I didn’t sleep.
I lay on my back staring at the ceiling, counting the cracks I’d memorized years ago, listening to the house breathe around me. Every time I closed my eyes, my thoughts scattered, slipping into places I couldn’t follow. It felt like my mind was avoiding itself.
At some point, I stopped trying.
Morning arrived quietly, the way it always did, as if nothing inside me had changed. Pale light crept through the curtains. Somewhere outside, a car passed. A normal day announcing itself.
I hated how normal it all felt.
I sat up slowly, my body heavy, like it had already lived through something it refused to share with me. My hands rested in my lap. I studied them for a long time.
They looked innocent.
I reached for the notebook.
The page I’d written the night before stared back at me.
*If I’m erasing things, it’s because the truth hurts more than forgetting.*
I didn’t remember writing that sentence. But when I read it, something inside me tightened, like recognition.
I wasn’t crazy.
That thought mattered more than I realized.

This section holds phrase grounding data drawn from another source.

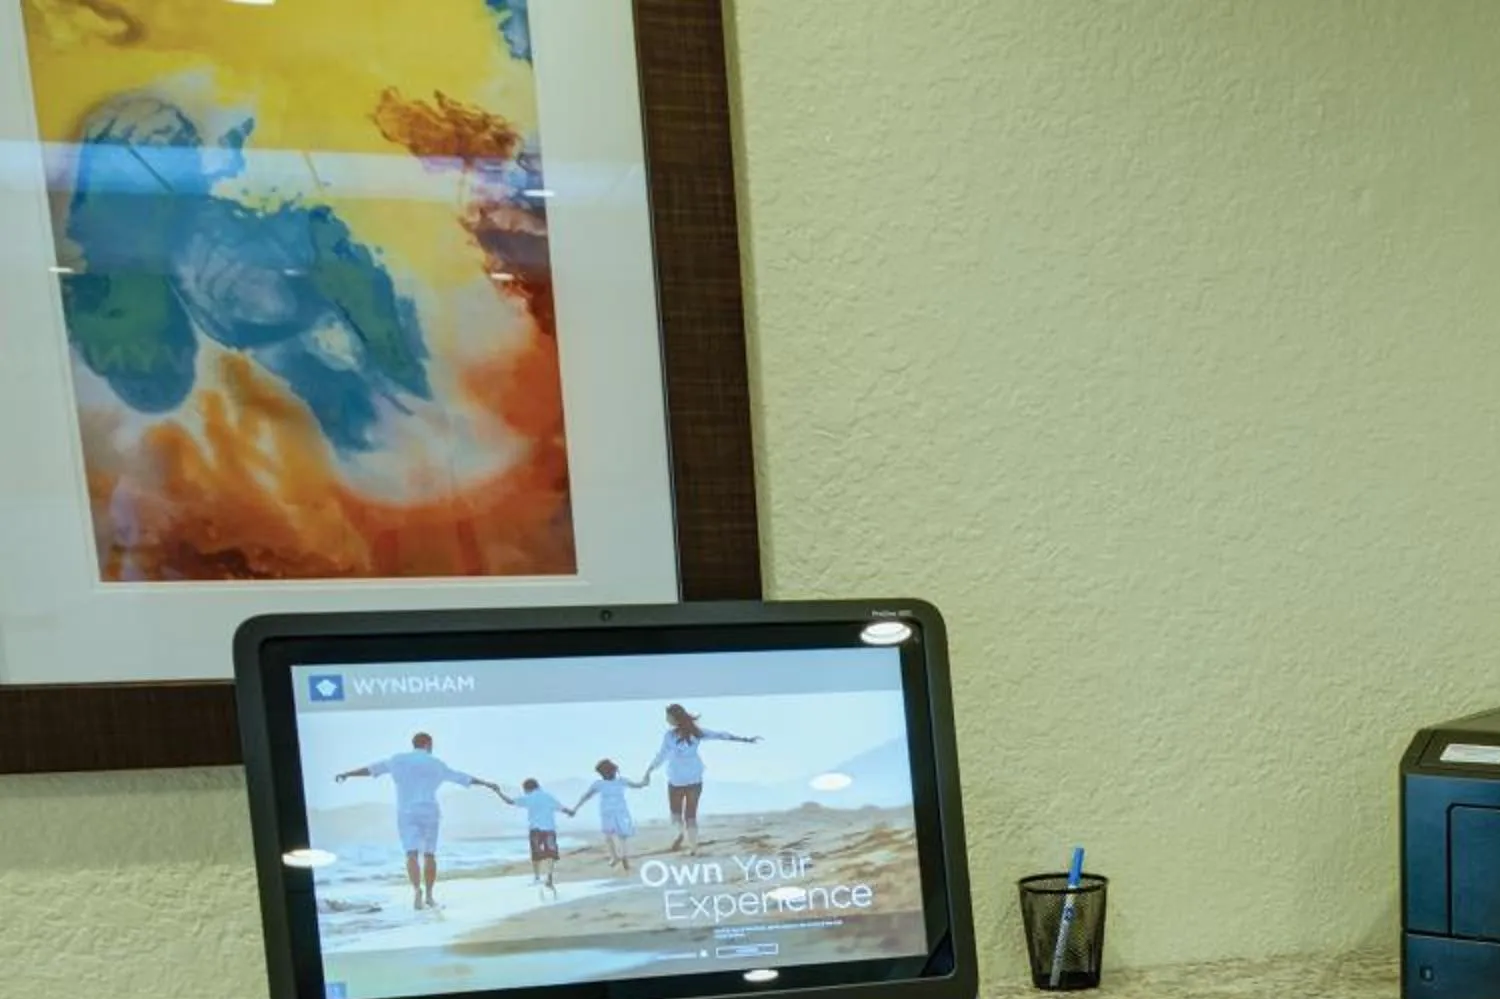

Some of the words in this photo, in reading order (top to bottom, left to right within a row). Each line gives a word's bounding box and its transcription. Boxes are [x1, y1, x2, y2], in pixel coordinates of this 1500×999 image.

[352, 674, 476, 696] WYNDHAM
[640, 859, 724, 888] Own
[732, 854, 813, 881] Your
[663, 882, 873, 923] Experience
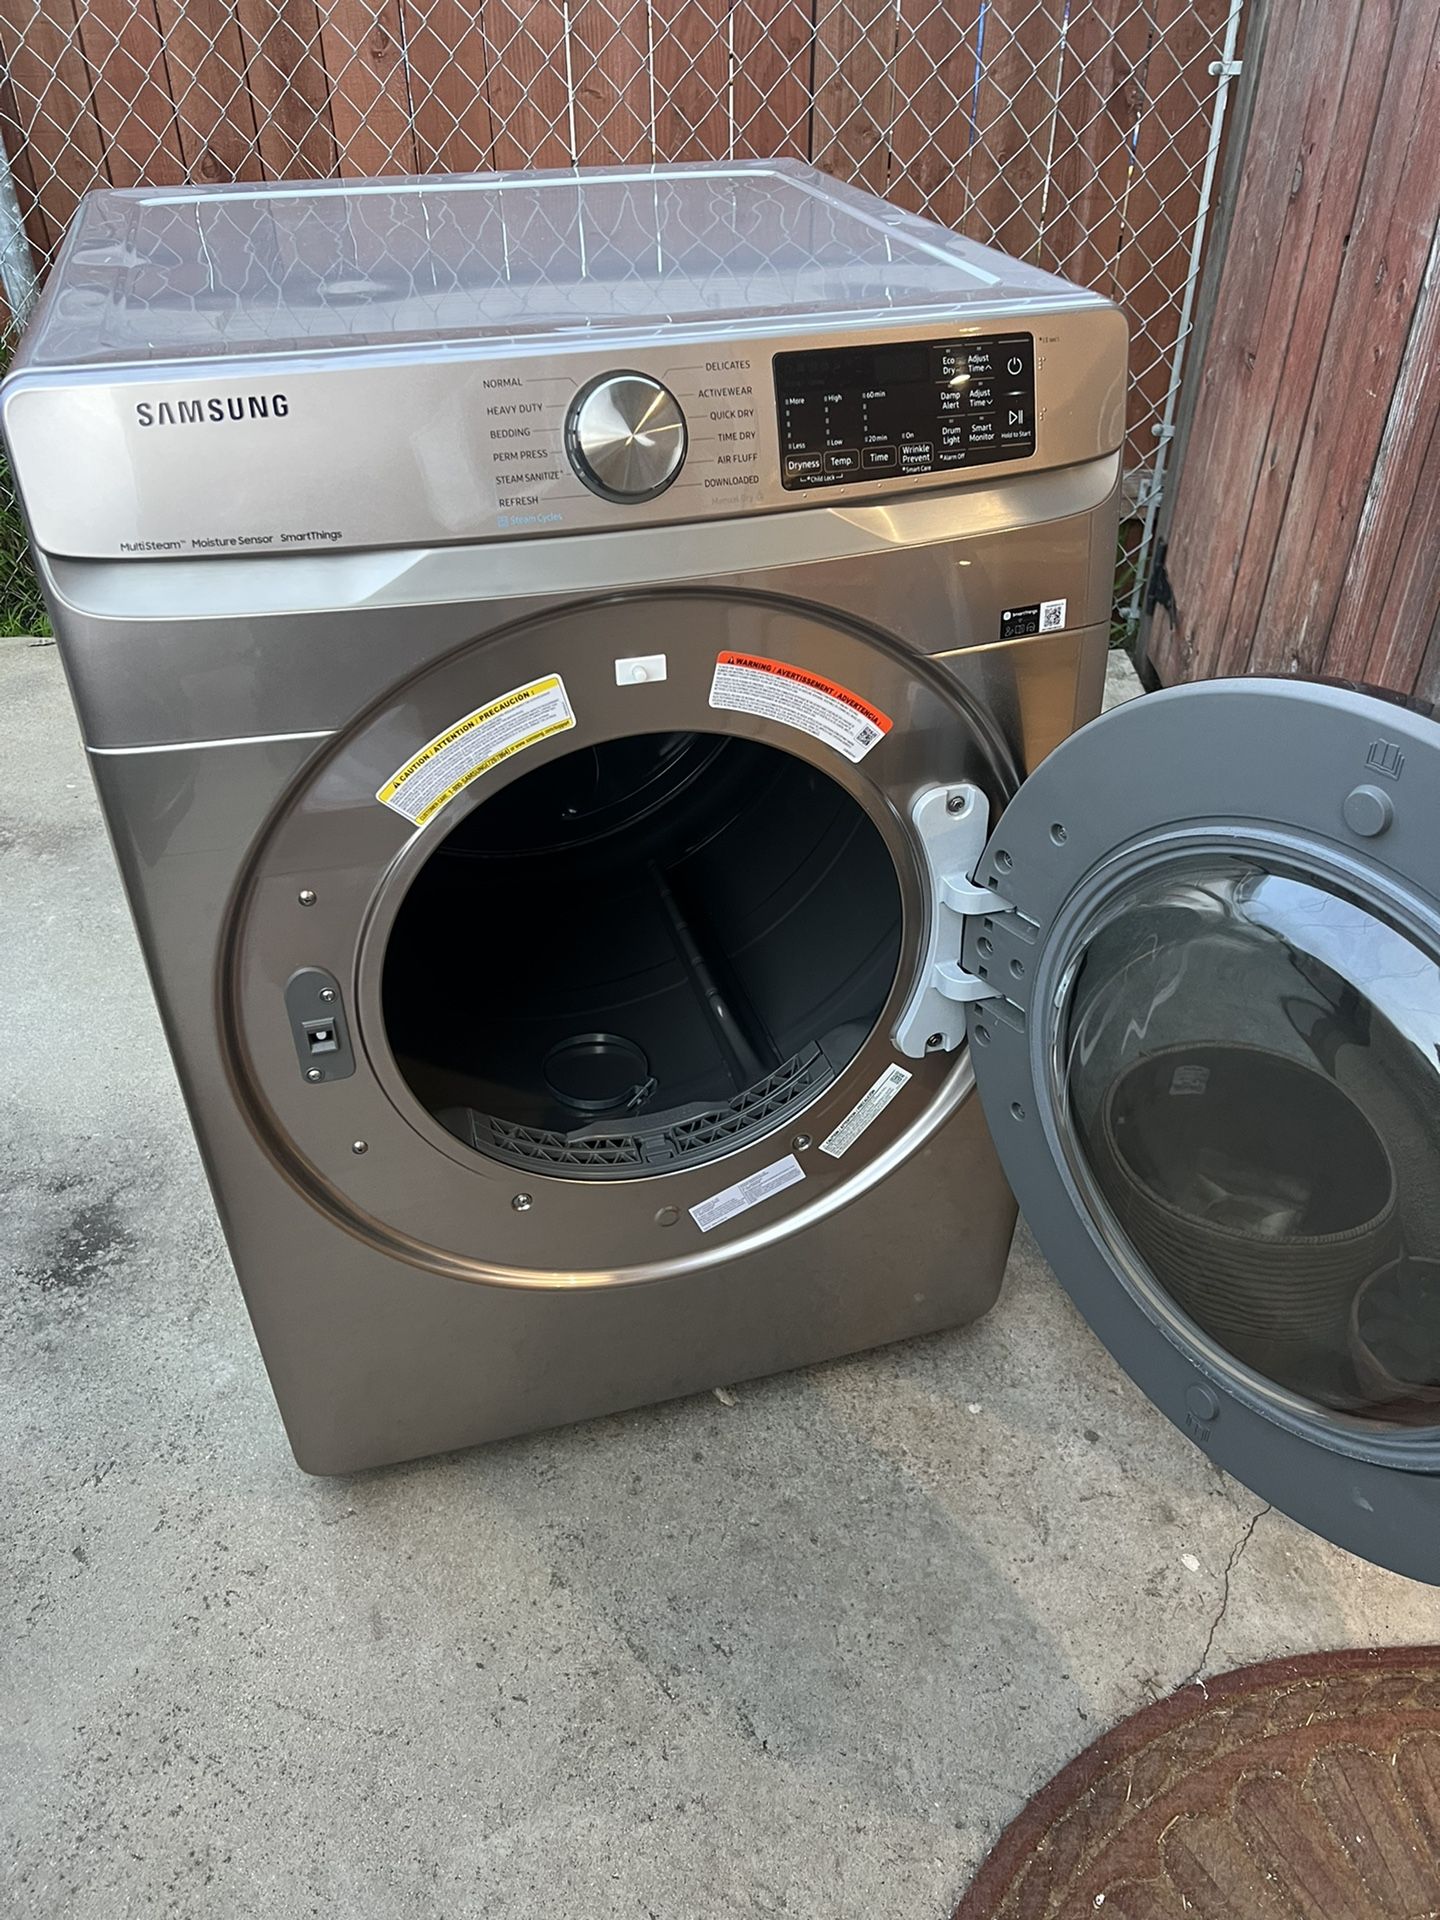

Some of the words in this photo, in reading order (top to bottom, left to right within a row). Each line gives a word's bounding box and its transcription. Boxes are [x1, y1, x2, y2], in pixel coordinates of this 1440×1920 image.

[968, 354, 989, 363] Adjust
[705, 360, 750, 371] DELICATES
[943, 366, 955, 376] Dry
[968, 364, 984, 372] Time
[483, 377, 522, 389] NORMAL
[698, 386, 752, 398] ACTIVEWEAR
[941, 392, 961, 402] Damp
[969, 389, 990, 398] Adjust
[789, 397, 805, 405] More
[828, 394, 842, 403] High
[970, 399, 985, 407] Time
[136, 394, 289, 427] SAMSUNG
[486, 405, 518, 416] HEAVY
[520, 403, 543, 414] DUTY
[942, 401, 959, 410] Alert
[710, 410, 735, 421] QUICK
[736, 409, 754, 419] DRY
[490, 427, 531, 439] BEDDING
[972, 424, 992, 432] Smart
[717, 433, 737, 442] TIME
[738, 431, 756, 441] DRY
[943, 436, 960, 446] Light
[969, 433, 995, 442] Monitor
[902, 444, 930, 454] Wrinkle
[493, 451, 518, 462] PERM
[520, 449, 548, 460] PRESS
[717, 455, 731, 465] AIR
[732, 453, 758, 463] FLUFF
[870, 453, 888, 462] Time
[902, 454, 930, 463] Prevent
[788, 459, 820, 471] Dryness
[830, 457, 853, 467] Temp.
[496, 474, 524, 485] STEAM
[704, 475, 759, 487] DOWNLOADED
[810, 474, 824, 482] Child
[498, 495, 539, 508] REFRESH
[511, 514, 536, 525] Steam
[537, 512, 563, 524] Cycles
[192, 537, 237, 548] Moisture
[238, 536, 273, 545] Sensor
[280, 530, 342, 542] SmartThings
[736, 658, 772, 672] WARNING
[777, 668, 834, 695] AVERTISSEMENT
[837, 693, 879, 725] ADVERTENCIA
[400, 754, 430, 781] CAUTION
[434, 722, 475, 753] ATTENTION
[479, 691, 530, 722] PRECAUCIÓN

I got dressed without thinking too much—jeans, hoodie, shoes. Familiar armor. I left the box under my bed. Some truths needed witnesses.
Outside, the air was cool and sharp. I walked until my thoughts slowed, until the panic softened into something duller, heavier. I ended up at the park near campus, the one with the cracked benches and the tired trees.
I called Evan.
“Can we meet?” I asked.
He didn’t hesitate. “Where are you?”
“The park.”
“I’ll be there.”
I hung up and sat on a bench, my fingers twisting together. Children played in the distance, their laughter carrying easily through the air. It felt wrong that joy could exist so close to whatever was unraveling inside me.
Evan arrived twenty minutes later. He looked like he hadn’t slept either. He handed me a coffee without a word.
I wrapped my hands around it, grateful for the warmth.
“I listened to the recorder,” I said finally.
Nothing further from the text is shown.